Problem statement
Without the pictures, write out all the lines below exactly as they appear.

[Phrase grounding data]
- - - - -
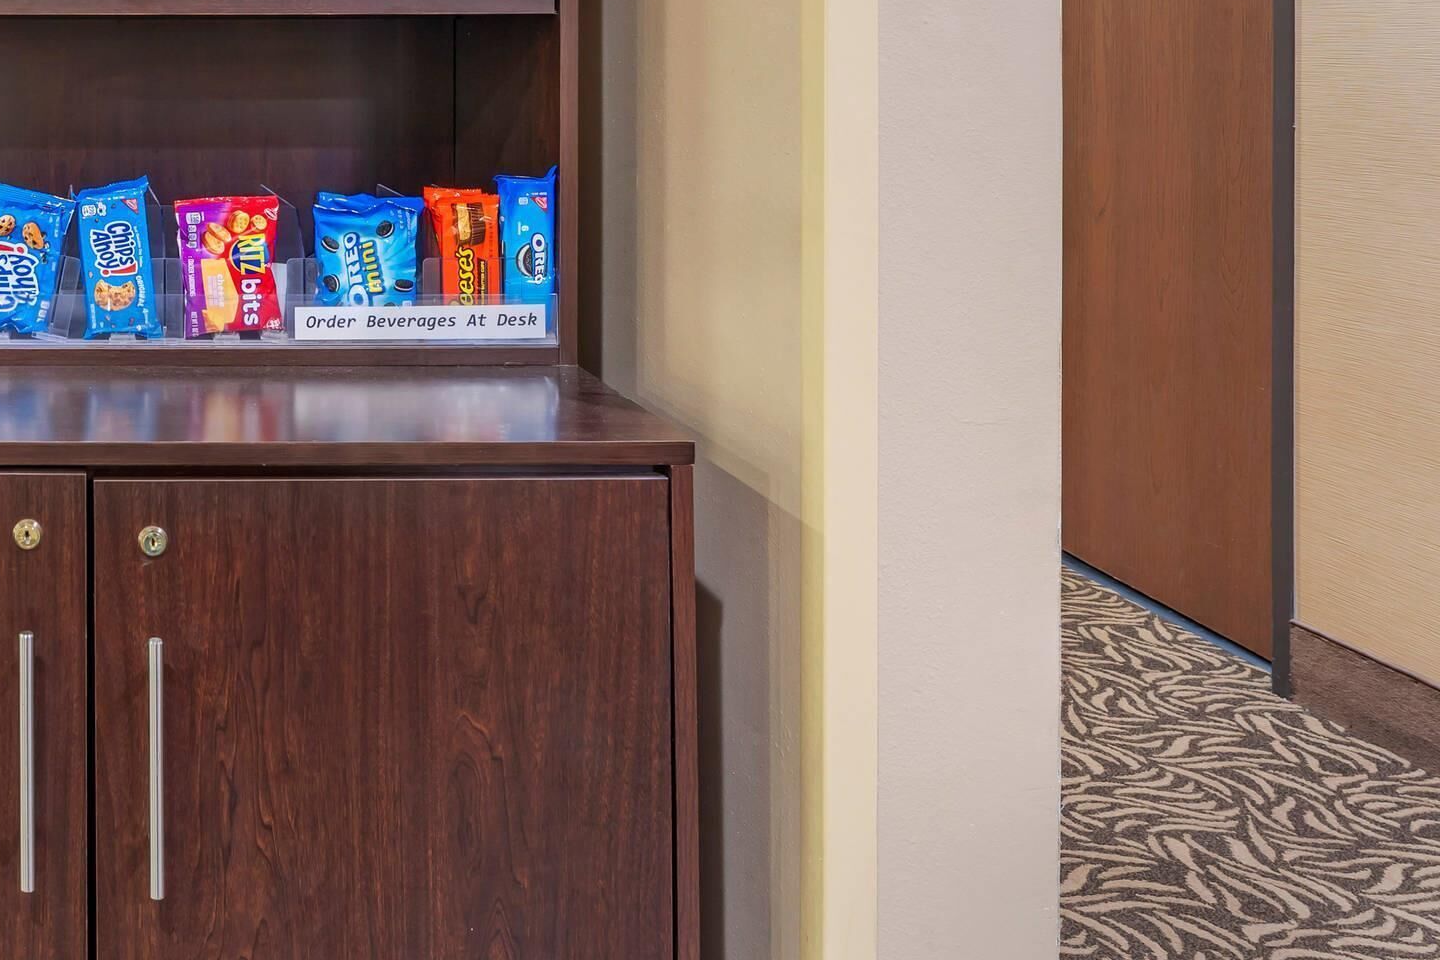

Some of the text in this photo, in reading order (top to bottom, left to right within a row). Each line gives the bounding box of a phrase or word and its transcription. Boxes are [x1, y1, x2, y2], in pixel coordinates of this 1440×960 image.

[106, 221, 135, 266] Chips
[237, 234, 266, 275] RITZ
[362, 240, 383, 294] mini
[343, 232, 368, 306] OREO
[450, 246, 474, 306] eese's
[240, 278, 262, 326] bits
[307, 312, 537, 330] Order Beverages At Desk
- - - - -
Result of the exercise
Some of the text in this photo, in reading order (top to bottom, left to right within a row). Each line gives the bounding box of a phrase or word and its transcription. Boxes are [x1, y1, x2, y2], in pixel coordinates of this 1440×960 image.

[106, 221, 135, 266] Chips
[237, 234, 266, 275] RITZ
[362, 240, 383, 294] mini
[343, 232, 368, 306] OREO
[450, 246, 474, 306] eese's
[240, 278, 262, 326] bits
[307, 312, 537, 330] Order Beverages At Desk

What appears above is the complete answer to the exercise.